My goal here, then, is to examine the risk analysis, perception and profile of the project and apply that to modern project management.
First, we must identify the stakeholders in the Olympics project. White Star Lines itself (sponsoring company and primary investor) and its director Joseph Bruce Ismay, Harland-Wolff (contracted ship builder) with its principle designers Alexander Carlisle and Thomas Andrews, the ships’ crew which includes Captain Edward John Smith, the British government as we will see later and, most importantly, the passengers.
As with any group of stakeholders there are different roles that are played. White Star on one side is the sponsor and investor and in a modern software project would be analogous to a sponsoring customer, manager or department. Harland-Wolff were the designers and builders and were most closely related to software engineering “team members” in a modern software team, the developers themselves. The crew of the ships were responsible for operations after the project was completed and would be comparable to an IT operations team taking over the running of the final software after completion.

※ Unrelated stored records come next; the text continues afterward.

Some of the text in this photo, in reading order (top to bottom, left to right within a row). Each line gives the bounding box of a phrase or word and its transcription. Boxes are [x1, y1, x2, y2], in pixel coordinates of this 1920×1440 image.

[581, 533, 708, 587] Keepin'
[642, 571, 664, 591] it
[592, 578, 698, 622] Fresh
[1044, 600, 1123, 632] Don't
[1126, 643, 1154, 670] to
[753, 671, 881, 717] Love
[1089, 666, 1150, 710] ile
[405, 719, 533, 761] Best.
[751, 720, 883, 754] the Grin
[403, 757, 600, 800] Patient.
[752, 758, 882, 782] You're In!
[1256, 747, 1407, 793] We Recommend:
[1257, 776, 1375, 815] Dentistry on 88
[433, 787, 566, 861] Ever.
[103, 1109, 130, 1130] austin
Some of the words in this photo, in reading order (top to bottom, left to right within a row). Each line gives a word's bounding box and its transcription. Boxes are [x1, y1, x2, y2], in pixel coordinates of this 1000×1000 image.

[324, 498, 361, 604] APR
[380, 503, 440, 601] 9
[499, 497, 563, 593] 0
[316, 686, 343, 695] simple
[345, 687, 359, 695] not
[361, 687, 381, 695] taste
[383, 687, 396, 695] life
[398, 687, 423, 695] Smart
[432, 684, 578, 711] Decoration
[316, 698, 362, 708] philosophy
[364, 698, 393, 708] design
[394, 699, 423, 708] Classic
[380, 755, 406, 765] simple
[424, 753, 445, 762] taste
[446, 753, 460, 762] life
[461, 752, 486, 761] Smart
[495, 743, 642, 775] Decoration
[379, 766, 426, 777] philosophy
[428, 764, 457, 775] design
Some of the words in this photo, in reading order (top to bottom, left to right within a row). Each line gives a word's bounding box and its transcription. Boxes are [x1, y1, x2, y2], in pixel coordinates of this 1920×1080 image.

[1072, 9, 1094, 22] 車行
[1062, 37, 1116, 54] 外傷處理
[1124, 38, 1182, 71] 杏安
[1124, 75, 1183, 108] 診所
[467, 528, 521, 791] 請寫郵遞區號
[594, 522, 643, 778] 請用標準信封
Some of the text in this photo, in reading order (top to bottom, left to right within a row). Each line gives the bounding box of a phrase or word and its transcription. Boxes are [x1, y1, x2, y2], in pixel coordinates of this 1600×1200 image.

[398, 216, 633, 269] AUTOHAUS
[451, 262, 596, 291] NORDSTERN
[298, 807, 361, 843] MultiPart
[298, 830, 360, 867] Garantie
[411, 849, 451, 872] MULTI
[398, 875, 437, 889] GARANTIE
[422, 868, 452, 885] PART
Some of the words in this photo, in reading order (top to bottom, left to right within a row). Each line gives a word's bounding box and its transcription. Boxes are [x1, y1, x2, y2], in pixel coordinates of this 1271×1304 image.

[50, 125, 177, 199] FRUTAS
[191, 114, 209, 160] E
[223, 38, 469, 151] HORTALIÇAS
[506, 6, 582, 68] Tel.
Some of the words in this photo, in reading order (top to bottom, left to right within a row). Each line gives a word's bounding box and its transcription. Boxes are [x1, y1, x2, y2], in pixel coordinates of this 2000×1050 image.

The passengers were much as end users today, hoping to benefit from both the engineering deliverable (ship or software) and the service build on top of that product (ferry service or IT managed services.) (“Olympic”)
Another axis of analysis of the project is that of chicken and pig stakeholders where chickens are invested and carry risk while pigs are fully invested and carry ultimate risk. In normal software we use these comparatives to talk about degrees of stakeholders – those which are involved versus those that are committed, but in the case of the Olympic ships these terms take on new and horrific meaning as the crew and passengers literally put their lives on the line in the operational phase of the ships, whereas the investors and builders were only financially at risk. (Schwaber)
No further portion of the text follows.